Beberapa peneliti yang terlibat dalam riset pimpinan Spurling ini merupakan anggota "Healthy Skepticism", organisasi riset, pendidikan, bantuan hukum nirlaba internasional yang dibentuk untuk membantu mengurangi bahaya informasi kesehatan yang menyesatkan bagi publik. Laporan penelitian itu menyebutkan bahwa para dokter yang menerima penjelasan maupun informasi dari perusahaan farmasi lebih mungkin memberi resep obat produksi perusahaan farmasi bersangkutan kepada pasiennya. Hasil 38 studi yang dilakukan juga menunjukkan adanya kecenderungan keterkaitan langsung antara informasi perusahaan farmasi itu dan peresepan obat. Mayoritas dokter mendapatkan informasi tentang obat-obatan dari industri farmasi ini.

Para staf penjualan obat perusahaan farmasi ini bahkan sering membawakan makan siang ke kantor seorang dokter praktik maupun mengundang mereka ke acara-acara olah raga dan hiburan lainnya saat mereka memberikan penjelasan.
Menurut Spurling, hasil studi di Inggris terhadap lebih dari seribu orang dokter umum mendapati bahwa mereka yang lebih sering bertemu staf penjualan obat cenderung lebih sering memberikan resep-resep obat mahal.

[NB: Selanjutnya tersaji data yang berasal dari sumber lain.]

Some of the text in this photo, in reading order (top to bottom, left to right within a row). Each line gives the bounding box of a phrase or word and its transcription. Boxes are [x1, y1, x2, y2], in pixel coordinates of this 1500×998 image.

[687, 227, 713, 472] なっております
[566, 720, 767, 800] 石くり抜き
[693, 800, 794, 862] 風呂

Namun, tidak ada jaminan bahwa pasien mendapatikan obat-obatan yang tepat bagi penyakitnya. Mengutip hasil-hasil studi yang ada, Spurling mengatakan, mutu resep obat yang diberikan para dokter kepada pasiennya itu berada di bawah standar pedoman maupun rekomendasi para ahli.

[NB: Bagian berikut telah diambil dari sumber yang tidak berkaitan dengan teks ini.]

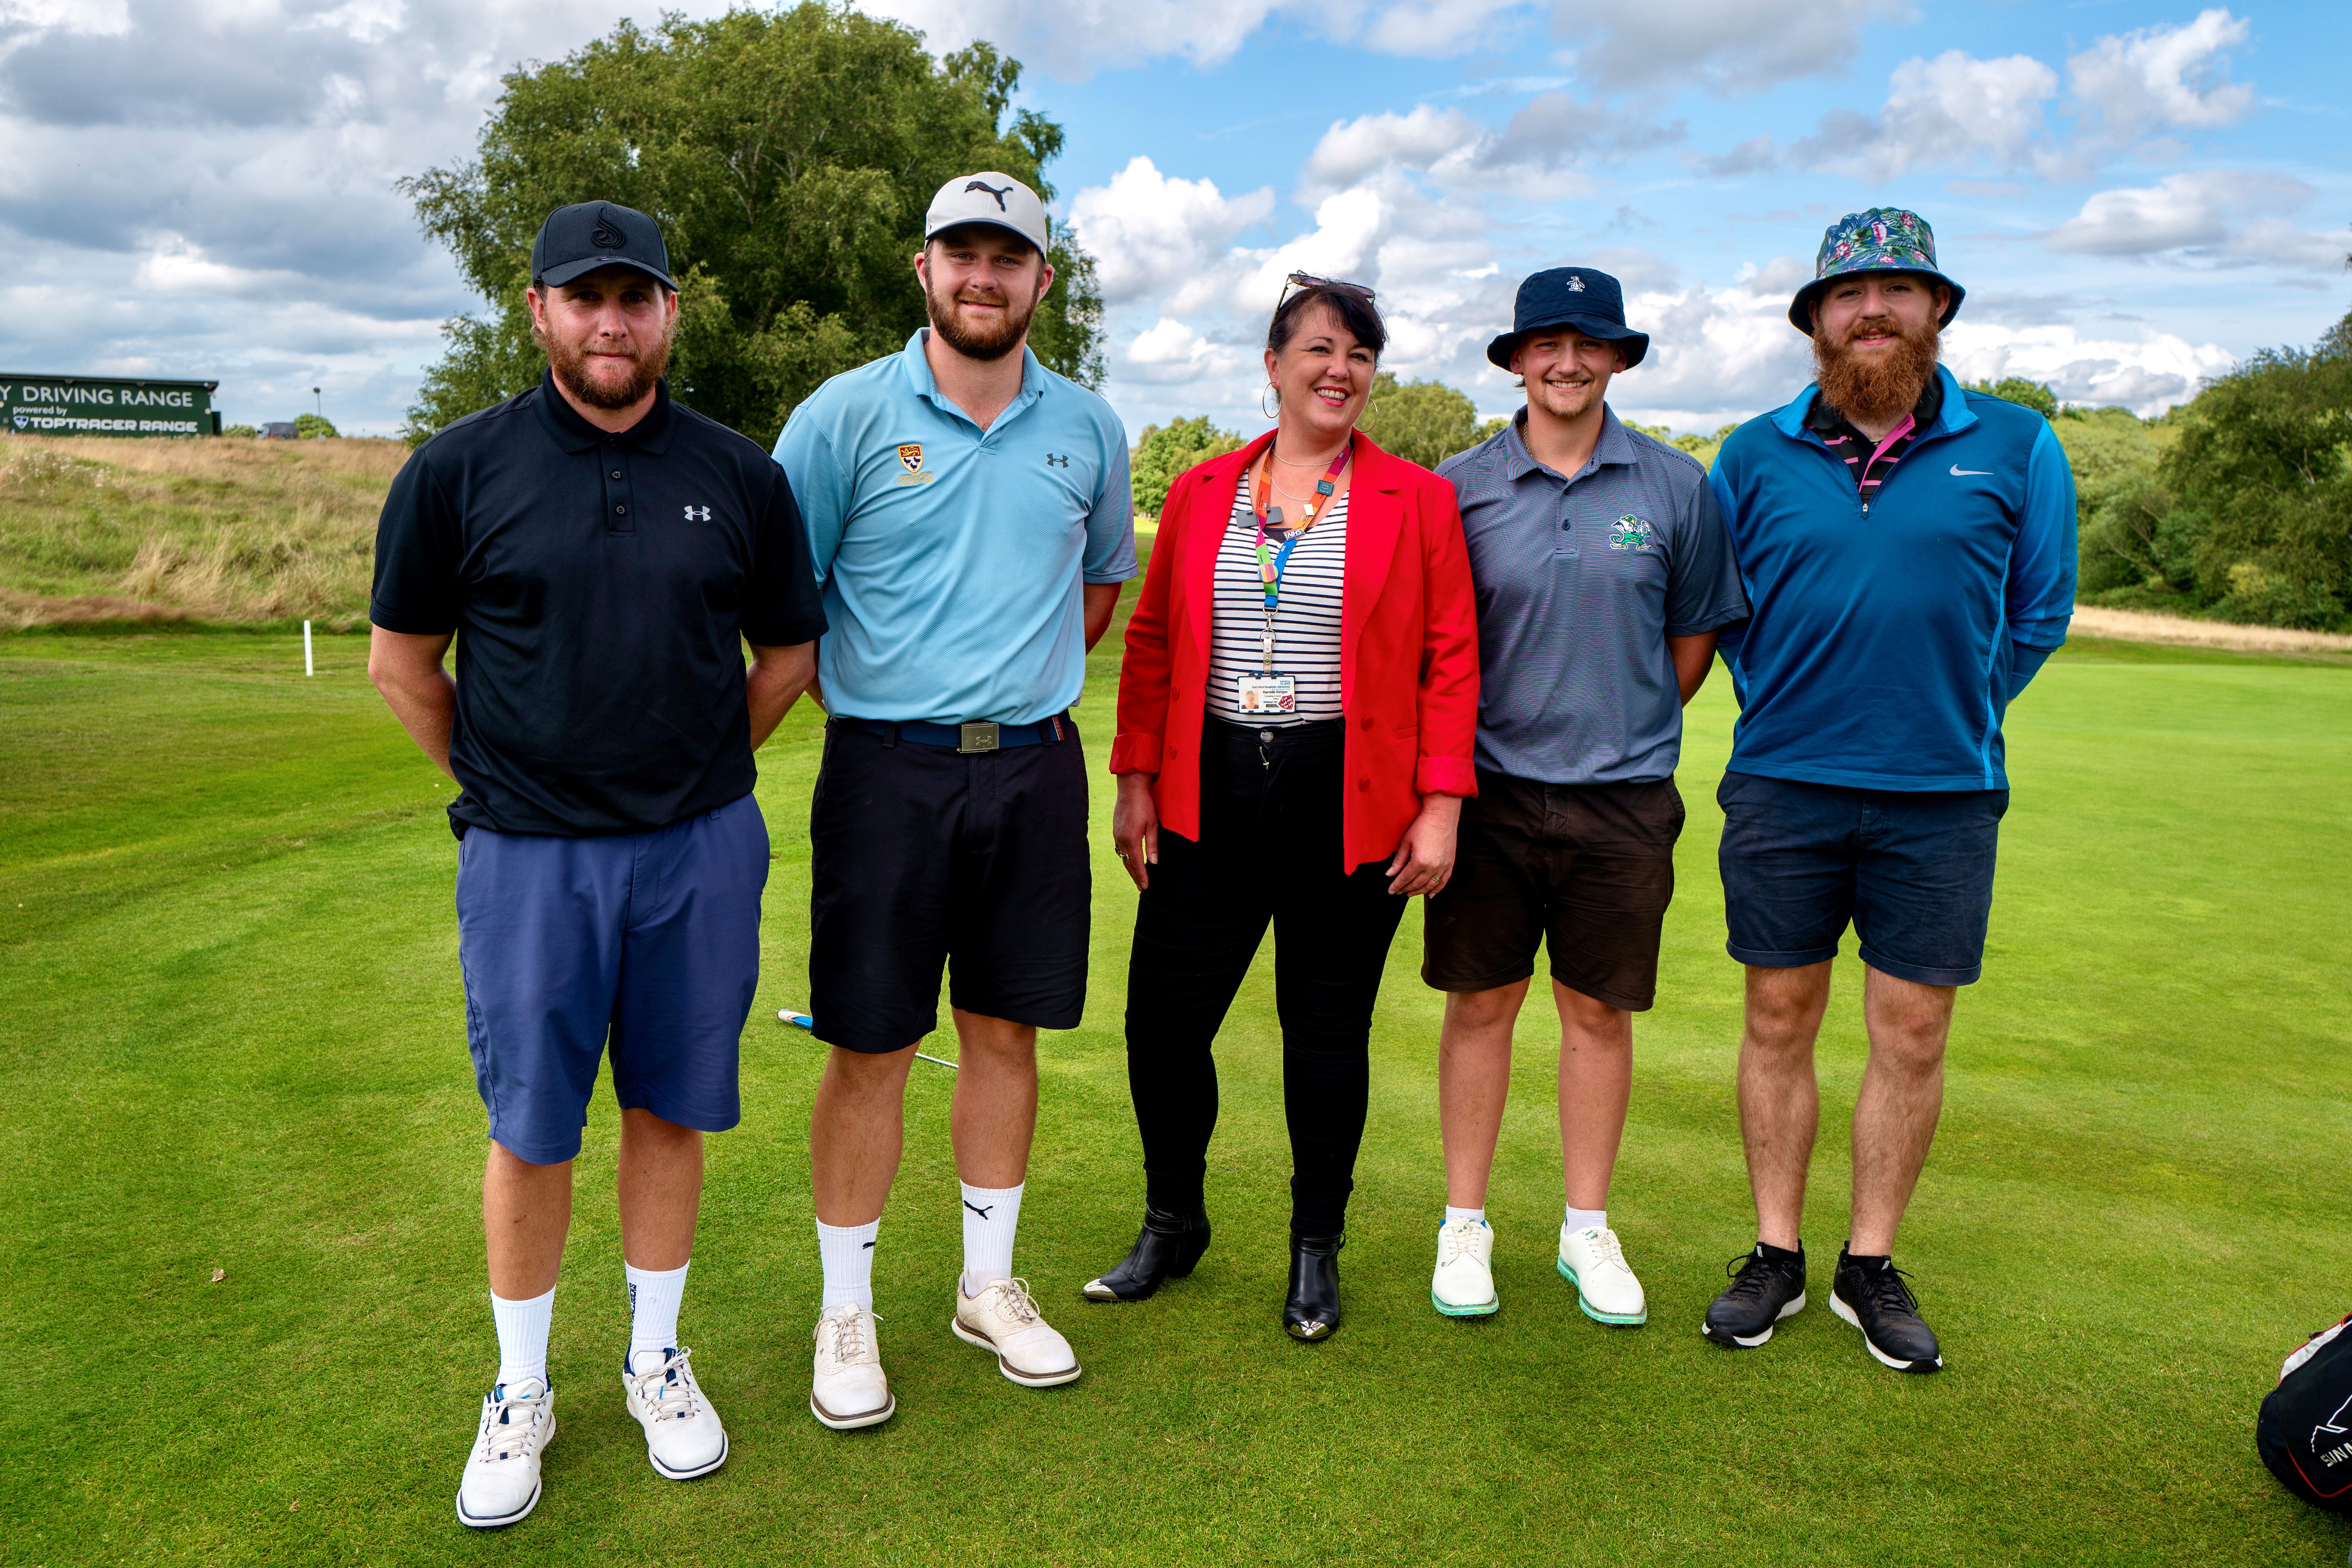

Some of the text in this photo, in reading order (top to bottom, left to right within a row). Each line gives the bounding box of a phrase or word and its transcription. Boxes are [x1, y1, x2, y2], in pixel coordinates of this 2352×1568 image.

[23, 386, 114, 404] DRIVING
[121, 389, 193, 407] RANGE
[13, 405, 67, 417] powered by
[30, 417, 198, 432] TOPTRACER RANGE
[897, 472, 932, 481] CANTERBURY
[1287, 529, 1302, 538] NHS

Temuan empiris ini mendorong para peneliti mengusulkan adanya pengaturan terhadap besaran uang yang boleh dialokasikan industri farmasi untuk kepentingan promosi produk mereka. Pada 2004 saja, perusahaan-perusahaan obat Amerika menghabiskan dana sebesar 57,5 miliar dolar AS untuk kegiatan promosi.